We are staying in a simple yet cosy volunteer lodge within the sanctuary that provides us with all the necessary services (e.g. running water, gas hobs etc.). Its colourful interior and big windows creates a welcoming and vibrant environment. A bonus about living within close proximity to the chimpanzees is that we can hear them from inside the house – they are much louder than we thought!
We were surprised that the volunteer house now has wifi, enabling us to communicate with friends and family back home. Currently it’s just the two of us along with a multitude of rather large yet harmless insects (Tacugama is not for the faint-hearted when it comes to creepy-crawlies!). We each have a separate room to ourselves as well as 2 bathrooms to share, both with showers that run cold water which Alex personally finds refreshing after a day’s volunteering.
Our favourite part of the volunteer lodge is the lovely terrace out the back, with views overlooking the rainforest in which Campbell’s monkeys and tree squirrels can be spotted clambering about high in the canopy. There is a hammock to relax in, a perfect spot to wind down and read a book and listen to all the jungle sounds.
A typical morning starts at 6.30am when we feed the 3 duiker antelope, help to prepare milk for the baby chimps with Mama P, and feed and clean the parrots. When every animal is satisfied, we have our own breakfast!!
We don’t need to worry about food: we are provided with fresh bread every morning plus we have a chance to go to the supermarket every week. Lunch and dinner is also included, in which we are given a variety of local dishes and fruit – the staff are amazing cooks!
The days just fly by here, in Tacugama. That’s probably because the tasks that we do are so different than anything we would do back home. Even if we don’t like cleaning or washing, here we do it passionately as we know that everything contributes to maintaining the chimps’ quality of life.

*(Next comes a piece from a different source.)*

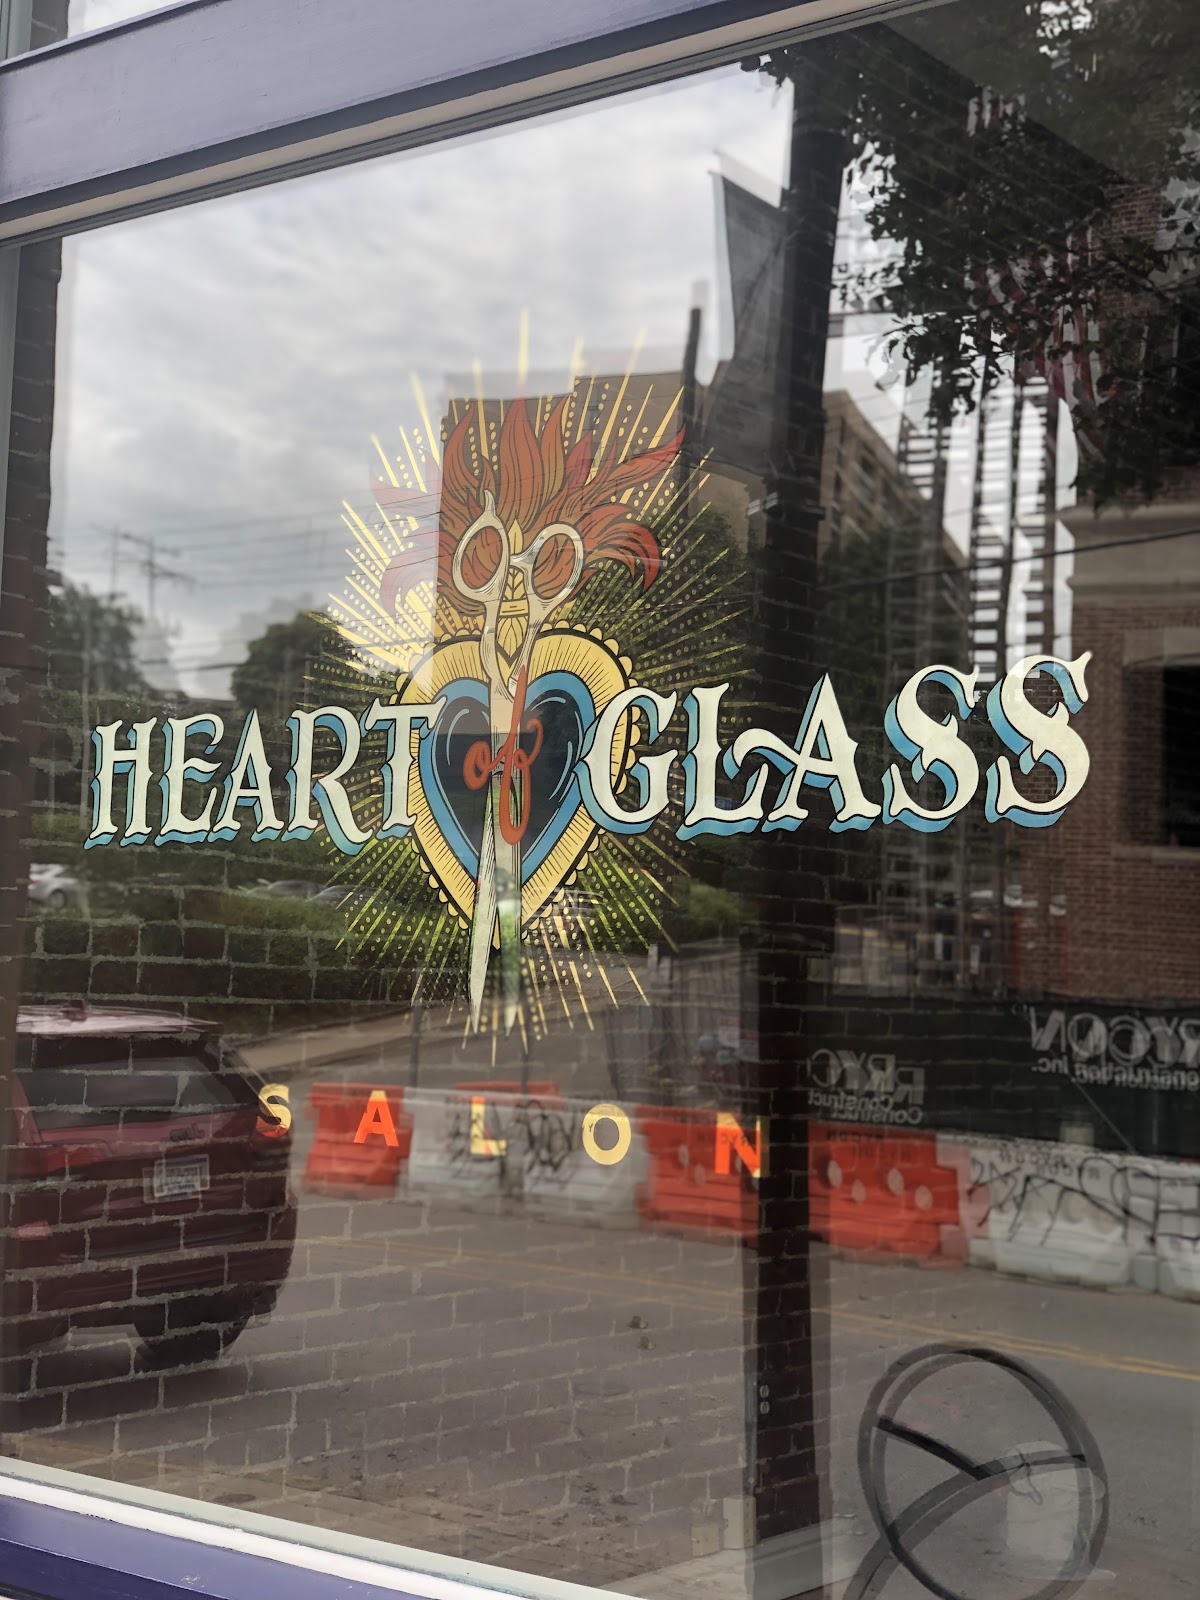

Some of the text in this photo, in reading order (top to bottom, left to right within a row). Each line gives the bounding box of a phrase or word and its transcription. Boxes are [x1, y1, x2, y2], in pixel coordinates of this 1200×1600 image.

[84, 650, 1093, 855] HEART of GLASS
[255, 1083, 767, 1178] SALON

We take on a variety of roles as volunteers at Tacugama. So we need to be flexible as something always needs to be done, allowing us to experience every aspect of what the sanctuary offers.
Alex really enjoys attending the rangers’ patrols around the surrounding forest National Park. The rainforest never ceases to astound me with its array of colour, sounds, flora and fauna. I am amazed by the extent of these rangers’ knowledge of the jungle, and have learnt a lot about the history and geography of the Peninsula as well as about the various species that inhabit it. The patrols may be repetitive and challenging at times for the rangers, particularly in the rain season and the forest tracks sometimes steep gradient, but these patrols are essential for the monitoring and safeguarding the future of Sierra Leone’s biodiversity within the Western Area. The hikes are also rewarding as you get fantastic views of the peninsula plus get to experience the wild habitat that the chimpanzee would inhabit outside of the sanctuary walls.
One of the highlights has to be waking up at the crack of dawn to help Mama P feed the baby chimpanzees. The similarity between baby chimps and humans is uncanny, it was wonderful watching how excited they would get to see Mama P and the banana mix.
The relationship between Mama P and the young chimps is so precious, first she bids them a ‘good morning,’ and they each reach out and touch her chin in response. I was also fascinated by how calmly they wait their turn to be fed and how Mama P can name each one instantaneously; she starts with the youngest first – Matilda and Sophie (my favourites), then works her way to the oldest and leader of the group. It was so sweet to observe how the baby and juvenile chimps paired up and stayed together at playmates, either hugging or holding hands around their cage.
It is obvious that these chimps mean the world to her, and that they feel the same way about her. From my time at Tacugama I realise this was the same with all the workers on-site.
The staff here are absolutely fantastic! The management team are very friendly and are great to work with. They are clearly very passionate about their line of work. We can say the same about all the staff, too. Everyone is nice, we can ask about anything, they always answer with big smiles on their faces.